If someone were to be Facebook friends with me, they would likely see my frequent pontification about the infinite nature of conditionality. While a future post will likely build upon this one to explain and consolidate that post in less quantitative language, I hope to start some of those conversations by putting the theoretical basis of a counterplan on solid ground.
Let’s start with a few restrictions. First, unlike in previous posts, I will not attempt to generalize my model to include all possible debates. For the purpose of understanding the theoretical basis of counterplans, I significantly restrict the set of debates I can model to only those where the affirmative is topical (both sides agree) and the affirmative has chosen to defend the hypothetical consequences of a plan text though some type of (un)weighted-sum utility aggregation.
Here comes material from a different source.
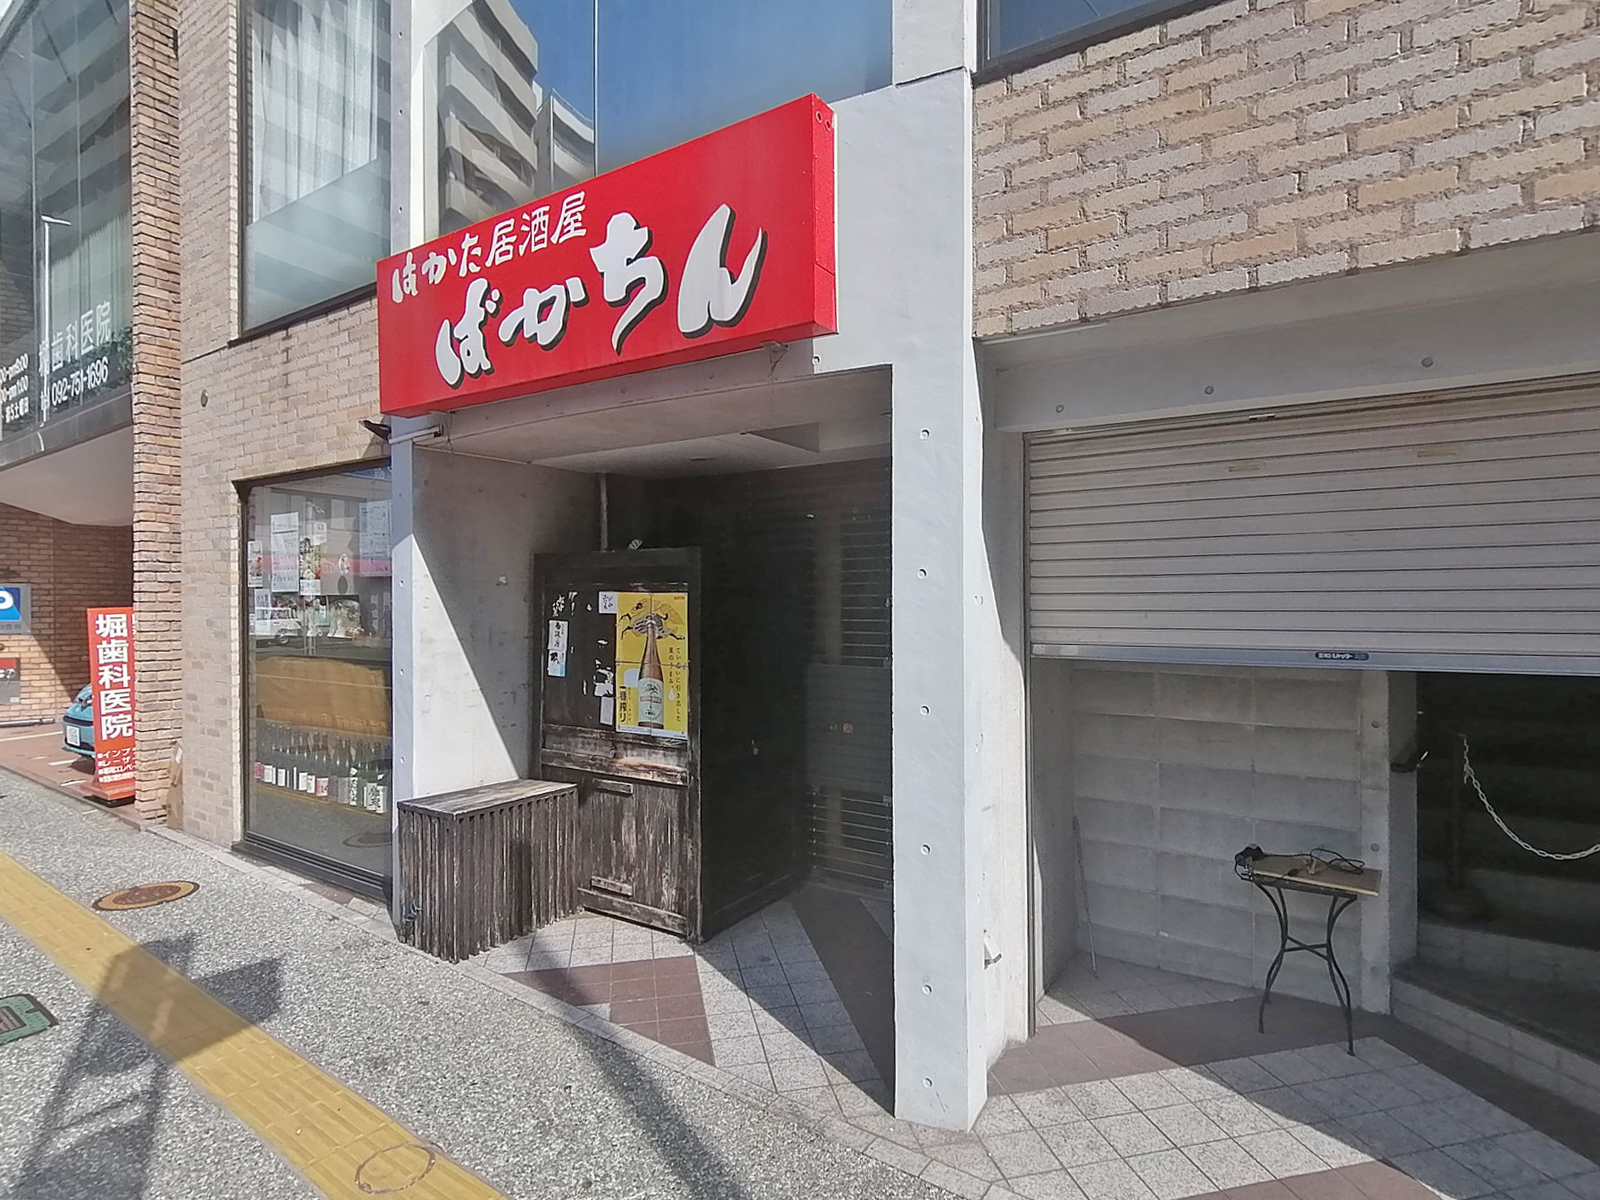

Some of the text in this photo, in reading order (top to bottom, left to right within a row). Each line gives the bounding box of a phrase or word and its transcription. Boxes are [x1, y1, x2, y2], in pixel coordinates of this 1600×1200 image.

[391, 191, 588, 304] はかた居酒屋
[434, 203, 767, 390] ばかちん
[51, 356, 109, 406] 092-751-1696
[95, 613, 133, 741] 堀歯科医院
The restrictions of this set are basically the “straight up debates'' where the negative goes for offense germane to the affirmative plan; for further simplification, I will default to unweighted utilitarianism, though this is without loss of generality (we slightly adjust our conception of “good”).
From here, it should be uncontroversial to say a positivist could observe that an affirmative ballot signals that the aff was a good idea, and that a negative ballot signals the negation of that. Thus, the role of the negative would be to prove the affirmative was not a good idea. Working in our space, then, we must next define what it means for something to be a good idea. Here, the theory of opportunity cost is an important concept. Something is good under utilitarianism if it maximizes our sum-of-utilities function over the space of all possible feasible actions; and from that definition, an understanding of counterplans will arise.
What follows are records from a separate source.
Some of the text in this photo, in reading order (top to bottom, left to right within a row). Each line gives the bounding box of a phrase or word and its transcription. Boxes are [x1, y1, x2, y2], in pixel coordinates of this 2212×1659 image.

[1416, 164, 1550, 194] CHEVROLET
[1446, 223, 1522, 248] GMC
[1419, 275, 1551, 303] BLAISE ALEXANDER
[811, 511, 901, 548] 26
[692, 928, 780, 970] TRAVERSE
This should be intuitive; the role of the affirmative is to prove that they are, in fact, a maximal policy; the technical nature of debate means that this is much easier to do since affirmatives do not need to win on a truth level they are a maximal action. Yet it is still useful to set a few intuitive constraints, which follow from our definition of opportunity cost. Specifically, the negative must realize an actual result decreasing our sum-of-utilities function. Absent this, there is no way to *disprove* the nonoptimality of the disad; this should jive well with the offensive-defense paradigm most judges implicitly adapt. Second, I assume that the cost must be intrinsic; that is, the reason a counterplan may disprove the optimality of this action is because no action that includes the action the affirmative has proposed is more desirable; (this is weaker than pure optimality, but intuitive given the topic constraint). This theoretical constraint justifies the basis of the permutation.
I now defend my model as a useful heuristic. Opportunity cost is a natural space on which one ought to work. A more theoretical defense of this is that the status quo is arbitrary in some way; it defines some possible actions (e.g. the disad) but it is not a particularly relevant way to decide if something is good. For example, if an actor had two mutually exclusive actions, say, P and Q, where picking P would result in 10 dollars and Q would result in 5, (we assume our utility function is strictly increasing in money for this example), but doing nothing would yield 0 dollars, then the aff plan that says that we should pick Q would be a good idea; specifically, since there is no uniqueness argument that P would already be picked, then there would be no way for us to point out the fundamental irrationality of happily picking Q when P was an option. In this scenario, we did not actually gain 5 dollars, because we lost 5 potential dollars that we could have gained had we but thought about the entire choice set for a minute more. Picking a maximal action should feel intuitive because it is the most intuitive conception of rationality; and any theory of debate not working modulo opportunity cost is not only a boring one (no counterplans!) but also one which leads to iterated undereducation and net worse decisionmaking as debaters become habitually trained to ignore the opportunity costs of their actions.
Lastly, I attempt to mollify a few major objections to my model by applying the above constraints to obtain some nice exclusions. I believe most reasonable judges should be relieved that what started out as a very abstract construction has led to results which endorse what they would normatively consider educational and fair debate. First, as our model assumes that the decisionmaker picks from the set of actions which are feasible to them; counterplans which do not consider the same actor prima facie are not offensive reasons to vote negative. Examples of these include private actor and international fiat. Moreover, the assumption of nonoptimality requires the realization of an actual cost to the specification of the action. This means that arguments which add extraneous components to the plan cannot be competitive under our model, excluding lazy counterplans like consult, conditions, or sunset counterplans. Combined, I think that these feasible restrictions articulate a decent cap on the counterplans most people who are averse to this abstract would bring up as objection, and hopefully highlight not only how working modulo opportunity cost is rational and incentivizes creativity by the negative, but also provides an intuitive framework to nullify those counterplans which are actively bad; on balance, a satisfying and axiomatic reconciliation of counterplan theory that motivates their argumentative syllogisms.